Эта теория ещё не сформировалась окончательно — хотя кое-кто из художников начинает ею пользоваться, — но уже заметно, что на передний план выступают три цвета: красный, синий и жёлтый. В самом деле, если у вас есть три доски и на первую накатана красная, на вторую синяя, на третью жёлтая краска, достаточно наложить отпечатки с этих досок один на другой, чтобы получить остальные цвета. Теперь цветовой мир организуется не вокруг шести, как было в Средние века вплоть до эпохи Возрождения, а вокруг трёх цветов. Чёрный и белый навеки изгнаны из мира цветов, а зелёный, получаемый от смешения жёлтого и синего (чего никогда не было в древних культурах), опустился на более низкий уровень в хроматической генеалогии и иерархии. Он перестал быть основным, "первичным" цветом.
Цвета вступили в новую фазу своей истории.
4. Любимый цвет
XVIII-ХХ векаВ XII—XIII веках синий, который так долго оставался на вторых ролях, занял, наконец, видное положение: он стал прекрасным цветом, цветом Пресвятой Девы, королевским цветом, и, по всем этим причинам, — соперником красного. В последующие четыре-пять столетий эти два цвета делили между собой власть над остальными и в различных областях жизни выступали как антагонисты: цвет праздничный/цвет высокоморальный, цвет материальный/цвет духовный, цвет, бросающийся в глаза/цвет ненавязчивый, цвет мужской/цвет женский. Однако с XVIII века всё меняется. Как в одежде, так и в повседневной жизни остаётся всё меньше места для красных тонов — эта тенденция обозначилась еще в XVI столетии — и на первый план выступает синий, который становится не только одним из самых распространённых в текстильном деле и в одежде, но также и любимым цветом европейцев. Таковым он пребывает и по сей день, превосходя все остальные.

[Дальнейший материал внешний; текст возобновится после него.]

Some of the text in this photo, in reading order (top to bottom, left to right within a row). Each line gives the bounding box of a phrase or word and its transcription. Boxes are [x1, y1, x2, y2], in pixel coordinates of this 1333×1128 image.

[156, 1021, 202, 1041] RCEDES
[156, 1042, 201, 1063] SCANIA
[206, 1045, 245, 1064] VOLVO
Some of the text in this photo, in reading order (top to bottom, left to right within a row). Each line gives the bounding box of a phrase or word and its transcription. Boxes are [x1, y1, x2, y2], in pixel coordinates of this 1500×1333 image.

Триумф, достигнутый синим в столь зыбкой области, как хроматические преференции, готовился долго: в XII веке этот цвет стали восхвалять богословы, затем его открыли для себя художники; в XIII столетии красильщики сумели придать ему невиданные прежде яркость и насыщенность; с середины XIV века он занял почетное место в геральдике; двести лет спустя Реформация придала ему статус высокоморального цвета. Но наивысшей славы он достиг в XVIII веке: во-первых, потому, что в это время массовое распространение получил замечательный натуральный краситель, который был известен еще с давних пор, но доступен лишь очень немногим (индиго); во-вторых, был изобретён новый искусственный краситель, позволявший получить как при окрашивании тканей, так и в живописи совершенно новые оттенки синего (берлинская лазурь); наконец, потому, что в новой символике цветов синий занял главное место: отныне он стал цветом прогресса, просвещения, заветных чаяний и желанных свобод человечества. В этой метаморфозе синего решающую роль сыграли литература романтизма, а также две революции — американская и французская.